Un’altra pericolosa insidia linguistica è chiaramente espressa dal pittore tedesco Josef Albers:
Se si dice “rosso” … e ci sono cinquanta persone che ascoltano, ci si può tranquillamente aspettare che abbiano in mente cinquanta tipi di rosso. E si può essere sicuri che tutti questi rossi saranno molto diversi.
Benché i colori siano innumerevoli, …, nel vocabolario corrente vengono usati solo una trentina di nomi di colori.
(Tratto da Interazione del colore, vedi Letture più sotto)
Infatti i colori che percepiamo sono qualche milione e non abbiamo abbastanza nomi per indicarli tutti. Così rosso, giallo, verde, blu, viola e ogni altro nome di colore del linguaggio comune non indica un colore preciso ma un gruppo di colori dai confini incerti. Se dico “rosso” certamente non è verde, ma potrebbe essere un rosso più chiaro o più scuro, più carico o meno, più tendente all’arancio o più al viola.
Insomma, un nome non è sufficiente per individuare precisamente un colore. Questo vale per i nomi “semplici” come rosso, verde, giallo, ecc e anche per i nomi “complessi” come rosso pompeiano, verde pisello, rosa geranio, giallo di Napoli, blu di Prussia e così via. Un nome non basta. Per questo è nata la colorimetria, che studia la rappresentazione del colore mediante numeri, non mediante nomi.
Un’altra insidia più sottile è causata dalla confusione che ancora oggi esiste sul termine colori primari. Il termine viene usato sia per (a) trattare la mescolanza di stimoli di colore sia nella (b) spiegazione della nostra esperienza fenomenologica del colore.

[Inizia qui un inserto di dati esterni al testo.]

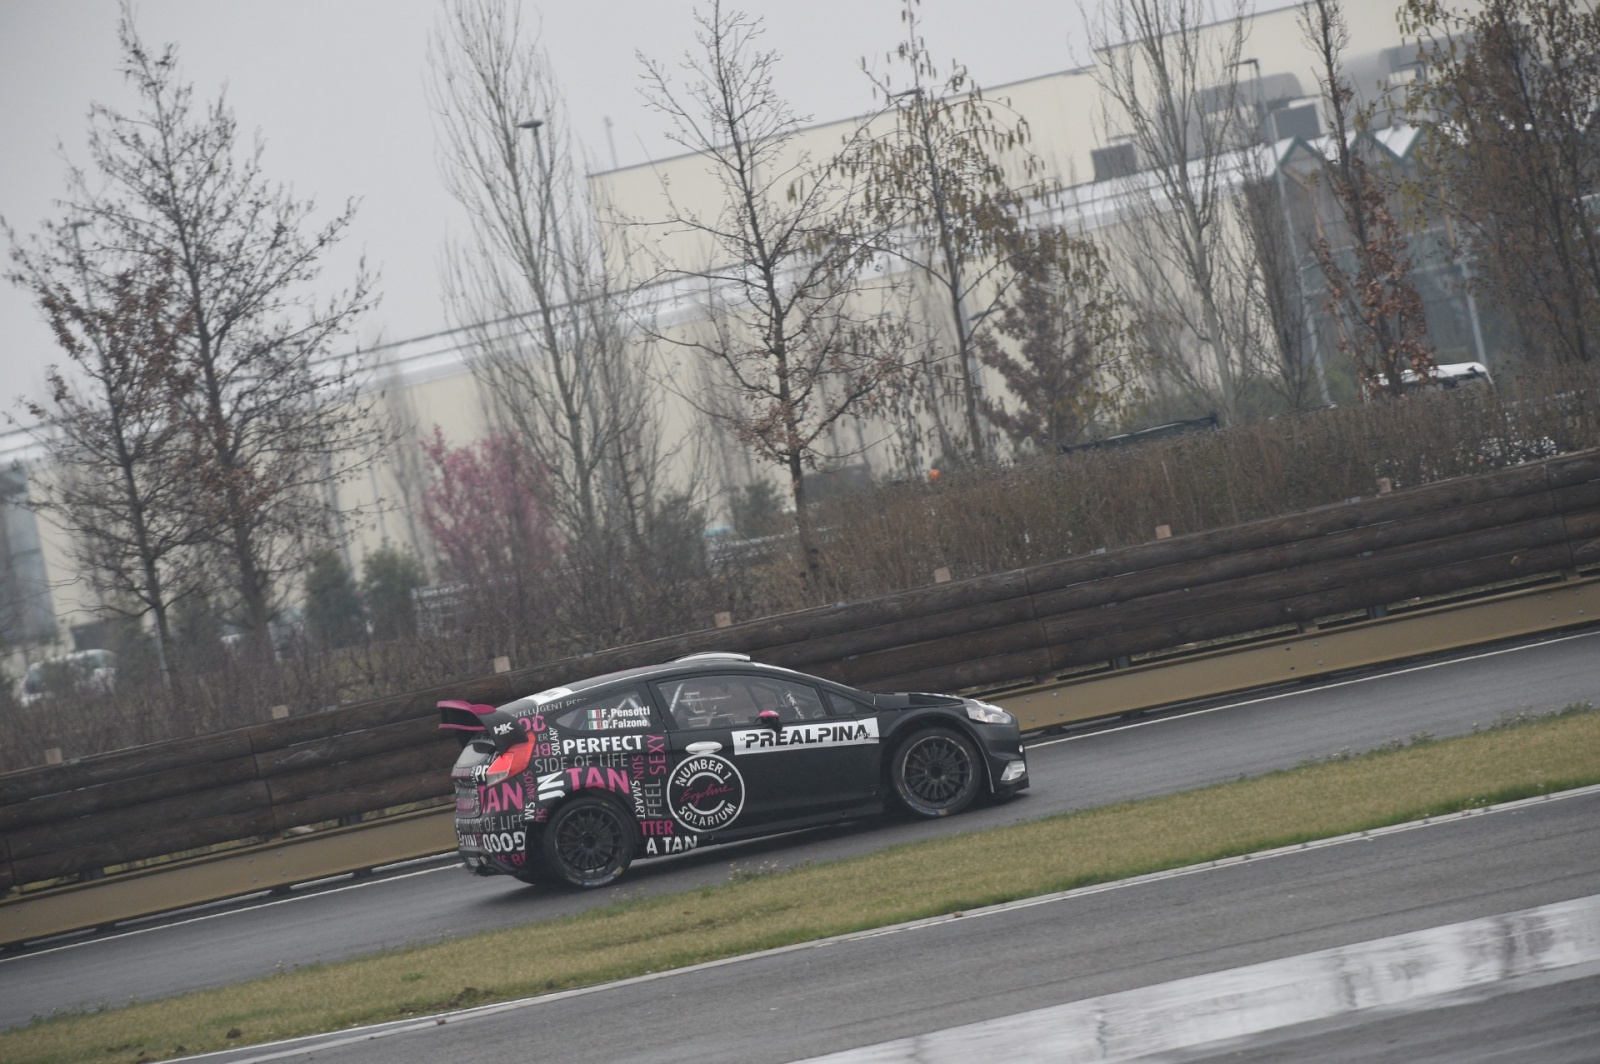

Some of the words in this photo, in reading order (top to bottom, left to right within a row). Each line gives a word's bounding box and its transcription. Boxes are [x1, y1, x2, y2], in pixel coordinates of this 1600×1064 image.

[601, 707, 651, 718] F.Pensotti
[602, 719, 648, 729] G.Falzone
[562, 736, 643, 755] PERFECT
[745, 726, 869, 748] PREALPINA
[534, 758, 568, 773] SIDE
[574, 755, 593, 767] OF
[599, 754, 628, 767] LIFE
[645, 735, 667, 775] SEXY
[631, 755, 645, 780] SUN
[675, 760, 724, 786] NUMBER
[723, 771, 733, 780] 1
[566, 767, 630, 794] TAN
[477, 782, 523, 814] TAN
[630, 781, 646, 820] SMART
[645, 779, 663, 818] FEEL
[679, 784, 734, 807] Ergoline
[678, 803, 737, 827] SOLARIUM
[640, 821, 674, 836] TTER
[646, 838, 659, 855] A
[662, 836, 698, 853] TAN

Nel primo caso (la mescolanza) si ritiene che i colori primari siano alcuni colori dai quali possono essere generati, per mezzo di qualche mescolanza miracolosa, tutti gli altri. Se definiti in questo modo, i colori primari non esistono. Invece, è corretto usare il termine “colori primari” per indicare i colori degli stimoli che si mescolano. Per esempio un monitor da computer produce tutti i colori che può produrre mescolando tre stimoli primari: uno per il rosso, uno per il verde e uno per il blu. Il primario rosso è esattamente il colore che il monitor produce quando riceve i segnali R = 255, G = 0, B = 0, e analogamente per gli altri due primari.
Una stampante a getto d’inchiostro ha una data carta e ha (per esempio) sei inchiostri (cioè coloranti) e dunque sette stimoli primari (compreso il colore della carta). Il primario giallo è esattamente il colore che quella stampante produce quando stende su quella carta l’inchiostro giallo. Ogni stimolo di colore che la stampante può produrre è ottenuto per mescolanza dei suoi stimoli primari.
Nel secondo caso (l’esperienza fenomenologica) sono “primari” i colori rosso, giallo, verde e blu che, per la maggior parte delle persone, possiedono una singola qualità soggettiva. L’arancio non è primario perché, per la maggior parte delle persone, possiede le qualità sia del rosso che del giallo. In altre parole la maggior parte delle persone percepisce l’arancio come mescolanza di rosso e di giallo.
Ci sono infine varie parole del linguaggio comune spesso usate nel campo del colore, che non fanno parte del linguaggio tecnico e che andrebbero evitate perché ambigue. Eccone alcune:
- sfumatura o nuance: spesso usato nel senso di “colore” (come in “il rosso è il colore con più sfumature al mondo” o “nuance di castano”) o di “dominanza” (come in “caffè nero con sfumatura di rosso”); da evitare;
- gradazione (inglese shade) : anche questa spesso usato nel senso di “colore” (come in “gradazioni di verde“); da evitare;
- tonalità: in fotografia è usato con il significato di “chiarezza” (come in “correzioni tonali”); accettabile solo con questo senso;
- tono (inglese tone): spesso usato nel senso di “tinta”, altre volte nel senso di “chiarezza”, altre volte ancora nel senso di “colore” (come in “se cambi spazio perdi dei toni”); da evitare;
- scala tonale: spesso usato nel senso di “insieme di colori”, per esempio “lo spazio Adobe RGB può rappresentare una scala tonale più ampia” (invece di “può rappresentare più colori”); da evitare.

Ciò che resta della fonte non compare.